Encerro 2020, o ano que anuncia que o tempo das pandemias chegou, com estranhos sintomas. A ideia de fazer mais uma live, mais um meeting pelo Jitsi, Zoom ou Google, ou mesmo pelo WhatsApp, me deixa fisicamente enjoada. Escrever, como faço agora, enquanto as notícias e as mensagens pipocam num canto da tela, me deixa tonta e exausta. Amigos me pedem encontros de Natal, happy hours de Ano-Novo. Quero. Mas não consigo. Que o excesso de telas cansa e pode causar transtornos e até doenças, sabemos. A experiência atual, porém, vai muito além disso. O home office, as lives e os meetings mudaram oconceito de casa. Ou talvez tenham provocado algo ainda mais radical, ao nos despejar não apenas da casa, mas também da possibilidade de fazer da casa uma casa.
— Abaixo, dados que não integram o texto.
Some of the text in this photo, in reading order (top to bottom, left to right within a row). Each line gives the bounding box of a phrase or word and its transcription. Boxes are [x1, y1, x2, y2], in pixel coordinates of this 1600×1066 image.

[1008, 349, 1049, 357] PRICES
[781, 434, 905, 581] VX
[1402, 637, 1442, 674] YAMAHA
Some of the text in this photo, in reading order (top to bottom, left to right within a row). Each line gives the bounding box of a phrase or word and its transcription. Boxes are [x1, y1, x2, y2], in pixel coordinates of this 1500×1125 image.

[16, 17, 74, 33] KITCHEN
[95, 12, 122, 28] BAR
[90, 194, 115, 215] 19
A maioria dos que tiveram a chance de ficar entre paredes durante a maior parte do ano para se proteger do vírus vive, como eu, uma experiência inédita na trajetória humana: a de estar 24 horas dentro de casa e, ao mesmo tempo, não ter nenhuma casa. A pandemia nos levou ao paradoxo de nos descobrirmos sem teto debaixo de um teto. Mais do que sem teto, nos descobrimos sem porta. Sem porta, não há chave para nenhum entendimento.
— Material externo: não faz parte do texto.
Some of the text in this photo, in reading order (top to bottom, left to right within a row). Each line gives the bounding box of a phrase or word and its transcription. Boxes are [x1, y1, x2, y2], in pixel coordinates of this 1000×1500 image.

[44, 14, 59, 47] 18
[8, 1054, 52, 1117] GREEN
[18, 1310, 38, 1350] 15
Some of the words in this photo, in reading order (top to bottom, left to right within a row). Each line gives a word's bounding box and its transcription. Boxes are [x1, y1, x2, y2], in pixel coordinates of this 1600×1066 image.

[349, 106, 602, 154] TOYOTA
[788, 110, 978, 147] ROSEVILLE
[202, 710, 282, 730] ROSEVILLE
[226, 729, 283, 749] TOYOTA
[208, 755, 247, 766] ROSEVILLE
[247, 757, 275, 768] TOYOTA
Sim, aqueles que têm a chance de trabalhar no sistema de home office, o que significa trabalhar a partir da sua casa, são privilegiados num planeta encurralado pelo vírus. Pensar sobre a desigualdade no tempo das pandemias é pensar sobre quem pode desempenhar suas funções profissionais “remotamente” e quem não pode. A maioria dos que não podem trabalhar remotamente é composta pelos mesmos que têm mais chances de figurar em todas as piores estatísticas: os mais pobres, os negros, as mulheres.
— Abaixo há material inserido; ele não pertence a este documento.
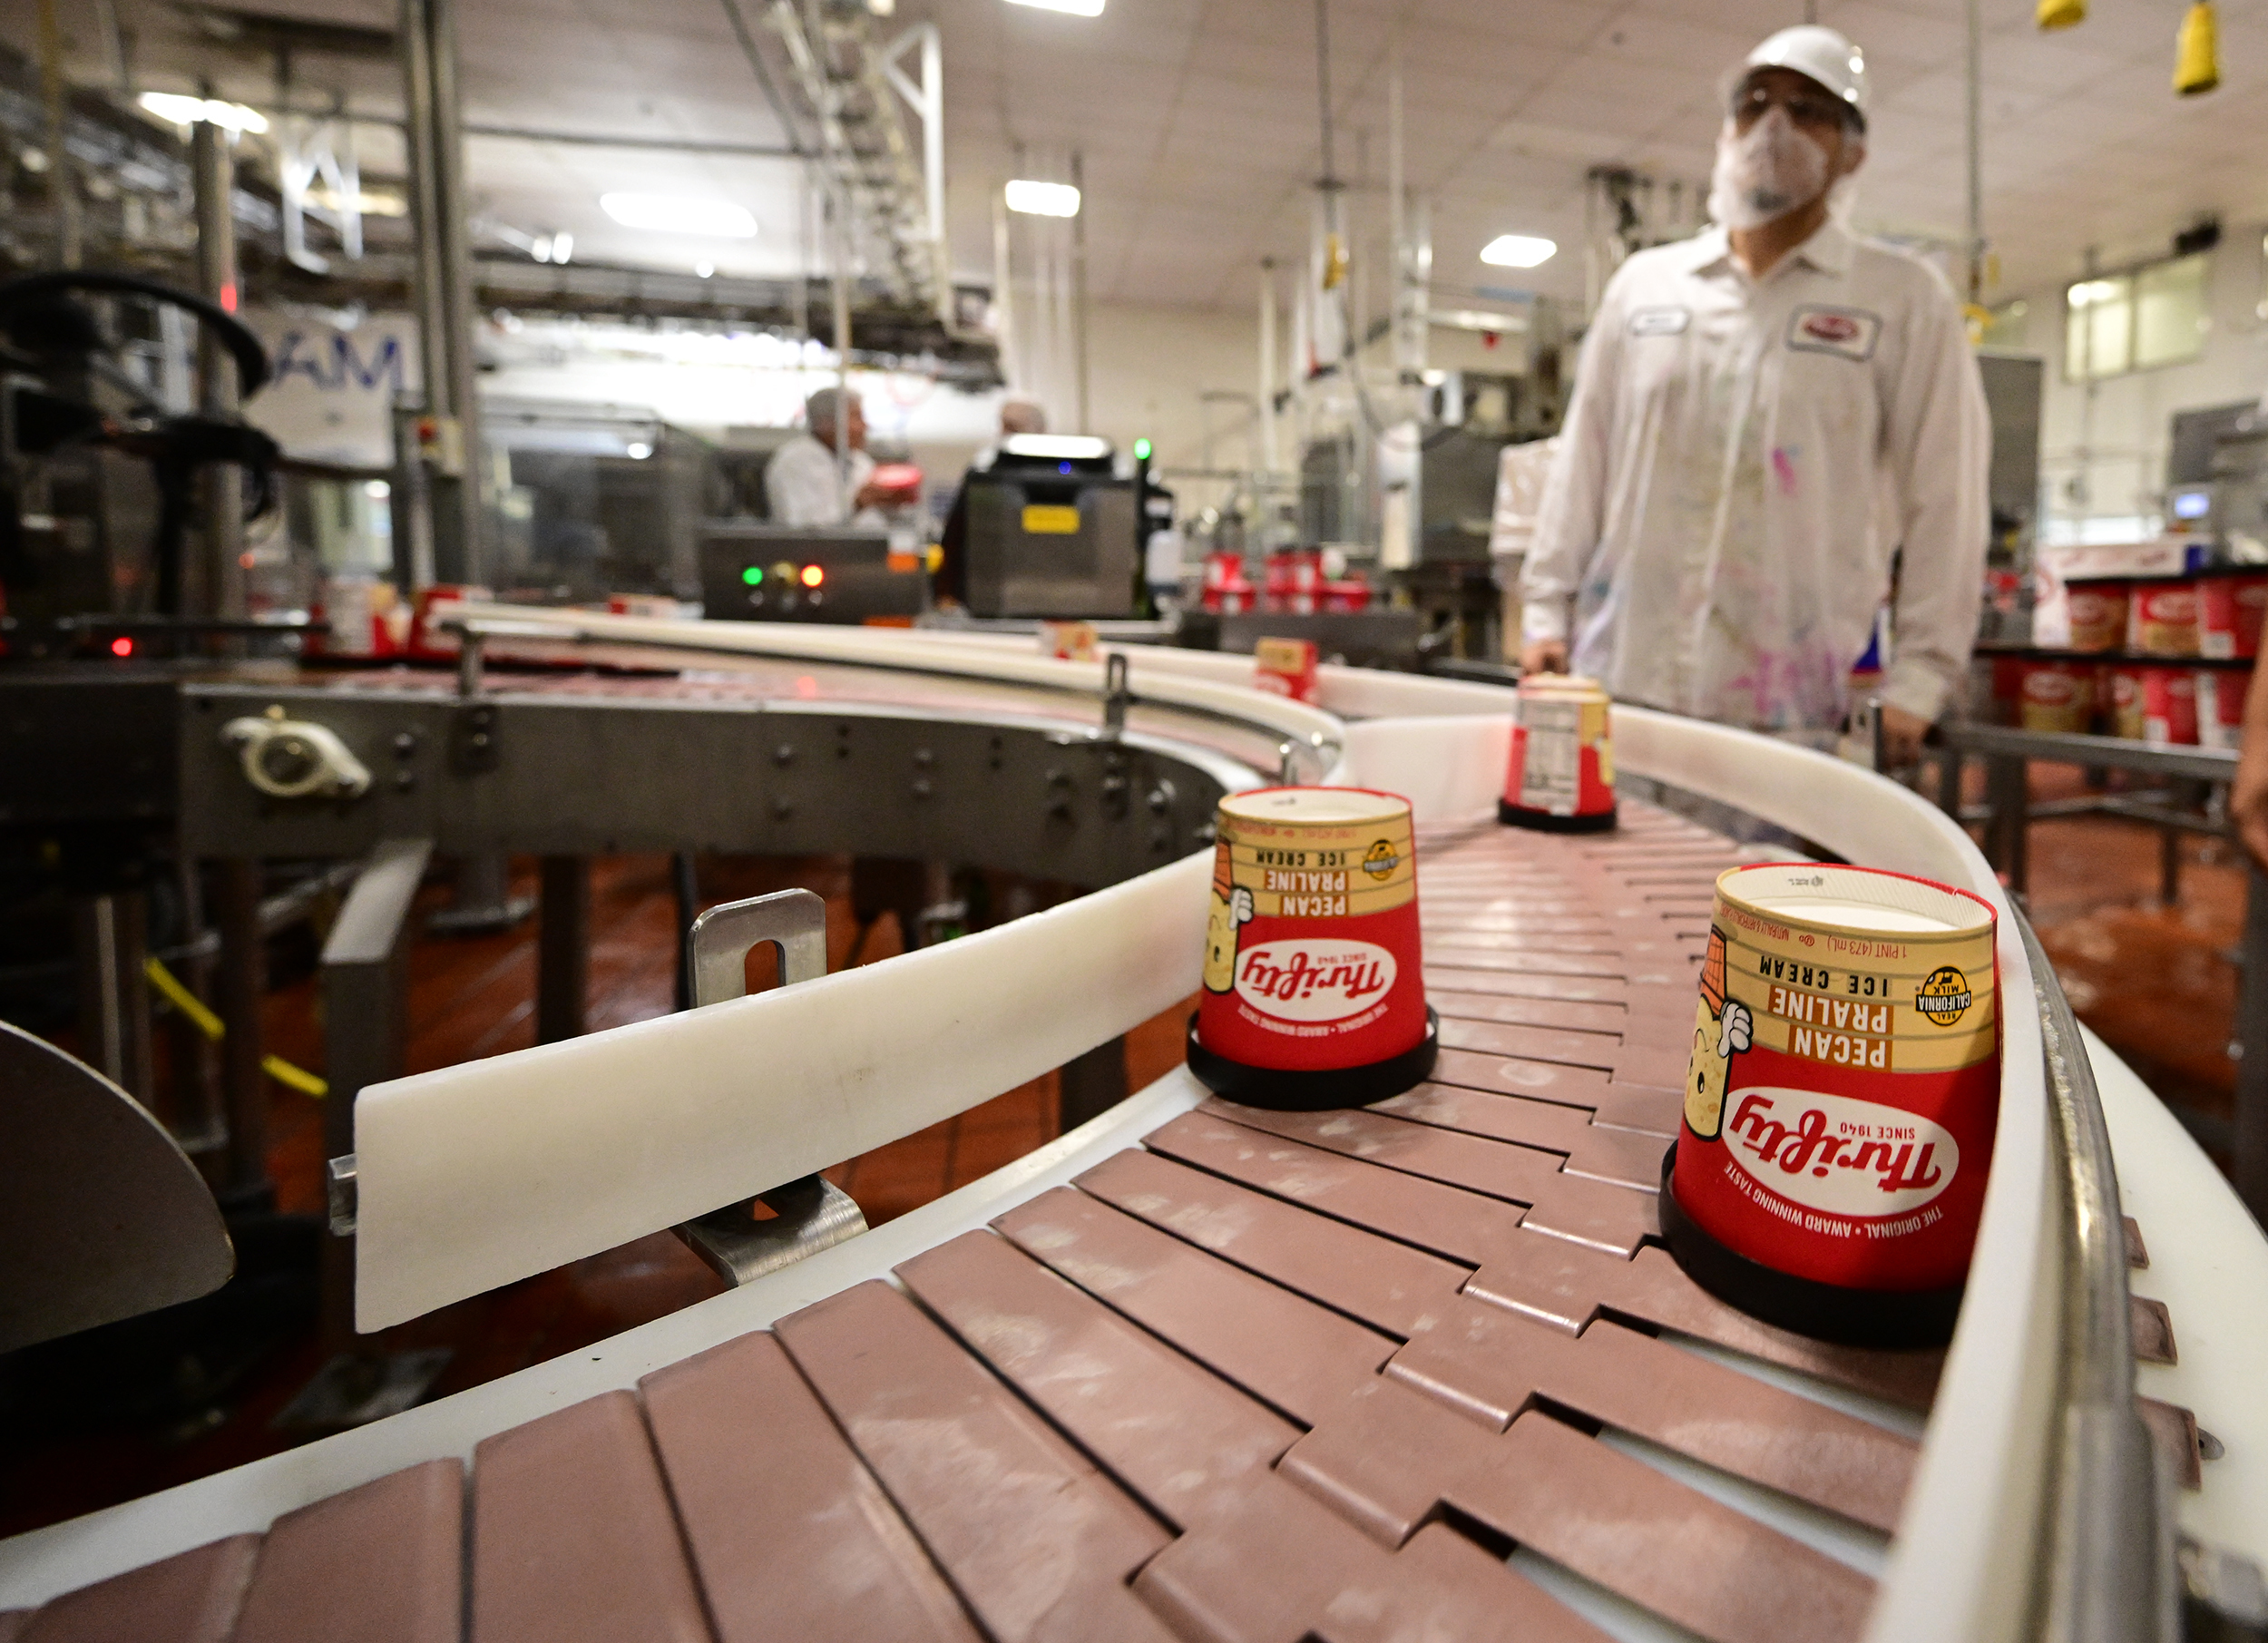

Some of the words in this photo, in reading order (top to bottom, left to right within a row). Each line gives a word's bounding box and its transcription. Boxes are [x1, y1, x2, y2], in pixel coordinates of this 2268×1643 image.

[1256, 851, 1306, 866] CREAM
[1317, 853, 1345, 866] ICE
[1266, 871, 1346, 892] PRALINE
[1283, 895, 1346, 916] PECAN
[1761, 922, 1790, 942] NATURALLY
[1826, 934, 1847, 952] mL)
[1849, 940, 1872, 957] (473
[1874, 944, 1899, 959] PINT
[1240, 951, 1385, 1001] Thrifty
[1759, 955, 1830, 990] CREAM
[1848, 974, 1889, 997] ICE
[1933, 984, 1960, 995] MILK
[1773, 986, 1889, 1033] PRALINE
[1918, 990, 1972, 1012] CALIFORNIA
[1941, 1012, 1958, 1021] REAL
[1794, 1027, 1887, 1069] PECAN
[1840, 1121, 1872, 1138] 1940
[1877, 1126, 1915, 1140] SINCE
[1728, 1094, 1942, 1192] Thrifty
[1723, 1160, 1752, 1198] TASTE
[1752, 1191, 1803, 1226] WINNING
[1921, 1205, 1943, 1227] THE
[1804, 1213, 1853, 1238] AWARD
[1863, 1219, 1921, 1239] ORIGINAL
Afirmar que a pandemia expõe e agrava a desigualdade social, de raça e de gênero é uma obviedade que várias pesquisas comprovaram ao longo de 2020. A iniquidade abissal do Brasil —e, em menor escala, da maioria dos países do planeta— impõe como privilégio aquilo que é um direito básico, o de ser capaz de se proteger de uma ameaça. Assim, é como privilegiada que discuto aqui a experiência de nos descobrir sem casa, uma experiência que não é apenas subjetiva. Apesar das paredes de concreto que nos cercam, nos sentir sem casa é uma experiência bem concreta.
O que é uma casa?
O que é uma casa? Essa pergunta entrou na minha vida de jornalista junto com a imposição de Belo Monte ao rio Xingu e aos seus povos. Para os ribeirinhos expulsos de ilhas e da beira do rio para a construção da hidrelétrica, casa era uma ideia concretizada a partir de uma experiência de viver e de ser floresta. Para os funcionários da Norte Energia SA, a empresa concessionária da usina e outras terceirizadas a seu serviço, assim como para os advogados que consumavam a “negociação” em que nunca se negociou nada, porque tudo foi imposto, casa era algo referenciado na experiência de viver em cidades do centro-sul do Brasil.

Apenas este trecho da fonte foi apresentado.